2023 - still working on Cronitor, still growing, we have grown roughly 5x since I left my day job.

2 comments

This path is also fraught with legal risk, depending on your "normal 9-5" employer. If it's a FAANG or other large tech company, most of them (at least the ones I've worked for) lay claim to every single IP you create while working there, on or off the clock, using your own equipment or theirs. It doesn't matter whether or not they legally can--you are unlikely to be able to afford a legal defense against them.
California has pretty friendly laws on this. Unless your startup is directly competing with your employer, or you work on it at work, they have very little ground to stand on. As in "within the realm of someone representing themselves"-type deal.
You're presumably referring to California Civil Code §2870 [1].

When I had a side project going on and asked my California attorney if this was enough to protect me from my BigCo employer, she said something like, "No. If they want to stop you they'll just drown you in legal procedures that you can't afford to pay. That you're right isn't really that relevant."

[1] https://casetext.com/statute/california-codes/california-lab...

Definitely a risk - just not one I rate too high if there is no overlap in the business.
Except when you are at a faang almost anything can be seen as competition. It is quite miraculous that the Crontic founders employer was this lax!
Yeah you need to be aware of what contracts you have signed. In my case, the day we launched on HN in 2014 I notified my VP (via email), highlighted how this work is not related to the company at all, and I only worked on it at home with my own equipment. I asked him to release any IP claims and he replied in minutes and said it looks great and that I’m free to pursue it.

And that was the end of it.

I would not let fear of legal reprisal stop me from starting.

No its not. Just dont sign any rediculous IP assignment documents. These are illegal in a lot of states now anyway.
In a service business, sweat equity is an awesome tool, not just for paying yourself, but also for paying your early employees.

One of the biggest obstacles you face when bootstrapping is that you need employees to grow your revenue, but you need revenue in order to pay your employees. It's a chicken-and-the-egg problem, which sweat equity can help to solve, at least to a limited degree: grant some sweat equity that vests over 5 to 10 years as a form of deferred compensation, then hope that your new employee / business partner boosts the value of your remaining equity in that time-frame by some multiple that is much larger than than the value of the equity you are giving up today.

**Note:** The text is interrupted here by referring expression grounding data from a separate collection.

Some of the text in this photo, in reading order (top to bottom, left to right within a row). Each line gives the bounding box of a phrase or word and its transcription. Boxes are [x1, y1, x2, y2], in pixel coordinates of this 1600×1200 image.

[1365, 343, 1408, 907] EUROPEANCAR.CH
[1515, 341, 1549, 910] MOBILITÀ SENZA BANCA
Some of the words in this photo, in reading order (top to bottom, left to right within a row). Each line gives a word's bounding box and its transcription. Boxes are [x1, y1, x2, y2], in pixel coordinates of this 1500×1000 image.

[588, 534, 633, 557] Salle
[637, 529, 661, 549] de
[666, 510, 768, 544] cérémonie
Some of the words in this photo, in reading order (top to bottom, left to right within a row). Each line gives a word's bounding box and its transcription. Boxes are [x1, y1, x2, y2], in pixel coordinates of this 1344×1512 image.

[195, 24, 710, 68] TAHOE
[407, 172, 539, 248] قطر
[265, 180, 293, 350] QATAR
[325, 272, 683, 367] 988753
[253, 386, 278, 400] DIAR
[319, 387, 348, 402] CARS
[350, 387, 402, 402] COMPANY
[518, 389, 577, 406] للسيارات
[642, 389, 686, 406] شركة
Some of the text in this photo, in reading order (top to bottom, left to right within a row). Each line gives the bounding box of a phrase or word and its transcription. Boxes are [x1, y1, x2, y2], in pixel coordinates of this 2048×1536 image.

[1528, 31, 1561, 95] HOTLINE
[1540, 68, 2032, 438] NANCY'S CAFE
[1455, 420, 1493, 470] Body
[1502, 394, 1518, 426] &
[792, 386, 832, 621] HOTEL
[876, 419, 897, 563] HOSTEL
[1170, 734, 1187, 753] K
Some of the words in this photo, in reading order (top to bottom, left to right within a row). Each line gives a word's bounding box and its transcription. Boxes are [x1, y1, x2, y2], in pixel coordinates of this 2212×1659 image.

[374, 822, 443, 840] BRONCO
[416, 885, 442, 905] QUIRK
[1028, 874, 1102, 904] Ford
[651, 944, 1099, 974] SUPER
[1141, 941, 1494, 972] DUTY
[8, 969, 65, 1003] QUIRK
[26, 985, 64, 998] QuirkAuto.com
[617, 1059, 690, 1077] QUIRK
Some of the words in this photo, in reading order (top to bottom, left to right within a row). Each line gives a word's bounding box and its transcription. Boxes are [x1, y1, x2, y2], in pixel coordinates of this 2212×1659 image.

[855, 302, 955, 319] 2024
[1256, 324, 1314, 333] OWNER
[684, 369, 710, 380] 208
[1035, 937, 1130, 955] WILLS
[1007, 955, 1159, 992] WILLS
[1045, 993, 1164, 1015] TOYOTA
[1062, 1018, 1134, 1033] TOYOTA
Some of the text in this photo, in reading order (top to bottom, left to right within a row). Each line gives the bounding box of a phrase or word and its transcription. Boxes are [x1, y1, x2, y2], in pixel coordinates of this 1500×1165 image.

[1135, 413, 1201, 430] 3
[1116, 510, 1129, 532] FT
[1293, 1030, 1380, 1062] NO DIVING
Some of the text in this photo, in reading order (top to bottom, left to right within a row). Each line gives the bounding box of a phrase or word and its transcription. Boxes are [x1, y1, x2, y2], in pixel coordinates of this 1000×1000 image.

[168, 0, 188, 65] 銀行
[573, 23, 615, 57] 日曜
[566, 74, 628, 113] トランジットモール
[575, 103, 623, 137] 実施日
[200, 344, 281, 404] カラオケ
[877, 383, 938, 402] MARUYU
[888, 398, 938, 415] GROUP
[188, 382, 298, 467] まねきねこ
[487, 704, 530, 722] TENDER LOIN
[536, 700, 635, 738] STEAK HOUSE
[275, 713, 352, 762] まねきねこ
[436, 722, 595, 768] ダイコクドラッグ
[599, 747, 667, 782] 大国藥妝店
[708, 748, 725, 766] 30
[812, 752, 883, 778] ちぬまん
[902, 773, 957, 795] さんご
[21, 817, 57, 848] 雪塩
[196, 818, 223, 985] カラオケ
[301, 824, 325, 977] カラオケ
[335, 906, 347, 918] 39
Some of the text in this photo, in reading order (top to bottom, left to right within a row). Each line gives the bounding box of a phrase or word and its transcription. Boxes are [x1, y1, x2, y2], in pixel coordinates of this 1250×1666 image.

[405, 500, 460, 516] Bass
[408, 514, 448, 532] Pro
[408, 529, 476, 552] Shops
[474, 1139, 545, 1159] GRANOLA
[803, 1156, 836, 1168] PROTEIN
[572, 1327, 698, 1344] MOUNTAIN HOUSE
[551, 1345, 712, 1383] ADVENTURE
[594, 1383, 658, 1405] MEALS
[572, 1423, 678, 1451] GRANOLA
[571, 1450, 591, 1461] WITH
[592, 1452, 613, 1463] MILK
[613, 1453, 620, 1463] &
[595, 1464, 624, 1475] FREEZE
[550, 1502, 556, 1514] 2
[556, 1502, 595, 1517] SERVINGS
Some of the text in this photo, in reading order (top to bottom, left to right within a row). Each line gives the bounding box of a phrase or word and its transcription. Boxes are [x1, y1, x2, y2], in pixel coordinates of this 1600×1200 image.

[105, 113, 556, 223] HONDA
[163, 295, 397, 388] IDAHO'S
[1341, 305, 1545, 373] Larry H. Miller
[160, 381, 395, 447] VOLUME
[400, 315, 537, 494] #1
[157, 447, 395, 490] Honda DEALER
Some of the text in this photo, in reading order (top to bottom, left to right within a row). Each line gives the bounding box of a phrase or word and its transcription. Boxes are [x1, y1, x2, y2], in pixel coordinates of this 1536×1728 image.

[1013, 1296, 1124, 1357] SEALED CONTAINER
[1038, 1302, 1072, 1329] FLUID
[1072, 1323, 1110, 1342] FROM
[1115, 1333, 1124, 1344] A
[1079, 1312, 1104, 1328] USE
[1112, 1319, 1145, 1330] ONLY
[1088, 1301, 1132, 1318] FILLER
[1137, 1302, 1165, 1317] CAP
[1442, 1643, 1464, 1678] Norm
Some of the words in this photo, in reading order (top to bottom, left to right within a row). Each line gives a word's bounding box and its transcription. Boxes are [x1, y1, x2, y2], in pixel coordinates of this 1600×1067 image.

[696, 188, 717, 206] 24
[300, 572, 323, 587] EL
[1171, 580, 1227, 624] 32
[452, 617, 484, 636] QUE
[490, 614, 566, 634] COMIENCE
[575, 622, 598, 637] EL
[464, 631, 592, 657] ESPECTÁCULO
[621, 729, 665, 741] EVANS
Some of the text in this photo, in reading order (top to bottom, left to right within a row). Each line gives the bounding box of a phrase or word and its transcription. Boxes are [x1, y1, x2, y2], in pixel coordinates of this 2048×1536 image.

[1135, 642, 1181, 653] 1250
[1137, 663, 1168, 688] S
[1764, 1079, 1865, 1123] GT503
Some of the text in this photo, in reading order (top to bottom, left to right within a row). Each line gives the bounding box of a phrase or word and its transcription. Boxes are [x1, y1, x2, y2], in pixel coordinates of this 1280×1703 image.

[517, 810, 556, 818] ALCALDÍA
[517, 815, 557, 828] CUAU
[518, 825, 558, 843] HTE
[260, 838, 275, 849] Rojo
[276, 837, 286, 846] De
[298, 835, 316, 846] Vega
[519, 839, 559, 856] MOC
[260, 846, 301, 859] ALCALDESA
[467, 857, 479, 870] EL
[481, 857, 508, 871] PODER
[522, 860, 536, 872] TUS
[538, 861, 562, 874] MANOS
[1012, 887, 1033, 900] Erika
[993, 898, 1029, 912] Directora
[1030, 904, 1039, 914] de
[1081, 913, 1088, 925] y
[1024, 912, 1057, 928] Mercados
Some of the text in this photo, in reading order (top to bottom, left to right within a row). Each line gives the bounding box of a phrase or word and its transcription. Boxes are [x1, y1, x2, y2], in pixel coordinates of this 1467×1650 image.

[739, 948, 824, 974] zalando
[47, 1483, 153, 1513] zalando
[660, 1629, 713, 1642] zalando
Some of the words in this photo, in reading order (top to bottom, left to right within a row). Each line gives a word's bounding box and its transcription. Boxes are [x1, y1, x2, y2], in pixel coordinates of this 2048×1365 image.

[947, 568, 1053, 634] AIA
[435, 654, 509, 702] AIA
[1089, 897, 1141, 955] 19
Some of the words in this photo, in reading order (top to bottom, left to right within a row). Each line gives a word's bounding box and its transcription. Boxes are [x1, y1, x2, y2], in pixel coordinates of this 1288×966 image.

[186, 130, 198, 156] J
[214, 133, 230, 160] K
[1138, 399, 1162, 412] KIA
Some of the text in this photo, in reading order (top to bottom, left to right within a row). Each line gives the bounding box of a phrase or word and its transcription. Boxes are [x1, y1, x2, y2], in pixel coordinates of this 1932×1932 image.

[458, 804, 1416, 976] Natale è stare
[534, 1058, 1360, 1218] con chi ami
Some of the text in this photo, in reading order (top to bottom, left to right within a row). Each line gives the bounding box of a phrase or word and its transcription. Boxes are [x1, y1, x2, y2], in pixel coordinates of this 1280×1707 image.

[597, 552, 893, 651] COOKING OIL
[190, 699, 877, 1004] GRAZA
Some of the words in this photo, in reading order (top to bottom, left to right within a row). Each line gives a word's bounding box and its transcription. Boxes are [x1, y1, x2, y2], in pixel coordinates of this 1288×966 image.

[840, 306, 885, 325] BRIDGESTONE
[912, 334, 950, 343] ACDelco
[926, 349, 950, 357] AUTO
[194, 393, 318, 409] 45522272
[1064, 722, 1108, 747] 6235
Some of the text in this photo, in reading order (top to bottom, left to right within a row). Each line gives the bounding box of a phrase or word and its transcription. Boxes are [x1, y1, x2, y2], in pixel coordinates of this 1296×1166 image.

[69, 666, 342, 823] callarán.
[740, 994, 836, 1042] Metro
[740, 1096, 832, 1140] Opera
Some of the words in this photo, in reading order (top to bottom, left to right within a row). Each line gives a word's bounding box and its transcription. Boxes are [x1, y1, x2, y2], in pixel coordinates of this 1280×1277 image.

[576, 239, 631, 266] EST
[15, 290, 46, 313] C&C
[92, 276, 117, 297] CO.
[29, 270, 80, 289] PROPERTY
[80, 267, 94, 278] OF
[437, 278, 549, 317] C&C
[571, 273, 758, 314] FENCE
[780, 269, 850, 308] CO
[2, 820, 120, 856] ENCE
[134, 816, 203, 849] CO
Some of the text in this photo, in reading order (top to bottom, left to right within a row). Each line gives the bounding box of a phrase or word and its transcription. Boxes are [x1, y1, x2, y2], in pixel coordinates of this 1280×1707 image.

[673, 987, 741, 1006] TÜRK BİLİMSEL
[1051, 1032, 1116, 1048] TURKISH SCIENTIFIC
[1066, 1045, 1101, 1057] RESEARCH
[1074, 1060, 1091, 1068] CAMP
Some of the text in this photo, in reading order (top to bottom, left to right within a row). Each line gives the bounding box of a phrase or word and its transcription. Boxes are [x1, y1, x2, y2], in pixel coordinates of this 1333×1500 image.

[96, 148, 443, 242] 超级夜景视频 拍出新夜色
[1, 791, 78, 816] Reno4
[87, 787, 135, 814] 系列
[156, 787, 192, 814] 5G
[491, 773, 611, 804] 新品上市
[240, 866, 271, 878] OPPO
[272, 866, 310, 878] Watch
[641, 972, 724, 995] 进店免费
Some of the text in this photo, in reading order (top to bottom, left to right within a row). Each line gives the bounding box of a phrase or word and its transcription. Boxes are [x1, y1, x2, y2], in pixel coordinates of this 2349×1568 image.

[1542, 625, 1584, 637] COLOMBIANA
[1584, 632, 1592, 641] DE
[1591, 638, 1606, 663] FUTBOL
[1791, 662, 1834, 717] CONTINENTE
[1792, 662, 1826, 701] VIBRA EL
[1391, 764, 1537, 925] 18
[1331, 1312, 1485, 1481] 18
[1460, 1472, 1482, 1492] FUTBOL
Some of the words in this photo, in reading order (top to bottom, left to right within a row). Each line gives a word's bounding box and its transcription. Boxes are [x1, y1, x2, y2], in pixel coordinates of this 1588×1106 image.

Then everybody wins.

I have found this approach very successful in my own business. It also increases the likelihood that when you want to retire some day that your own employees might be able and interested in buying you out, which means that you won't have to shop your medium sized businesses to private equity groups or search funds in 20 or 30 years when you want to get out of the game.

Part of building a middle class is not pulling up the ladder after you, which means you need to aim to enrich others -- specifically others who are not already wealthy -- alongside yourself.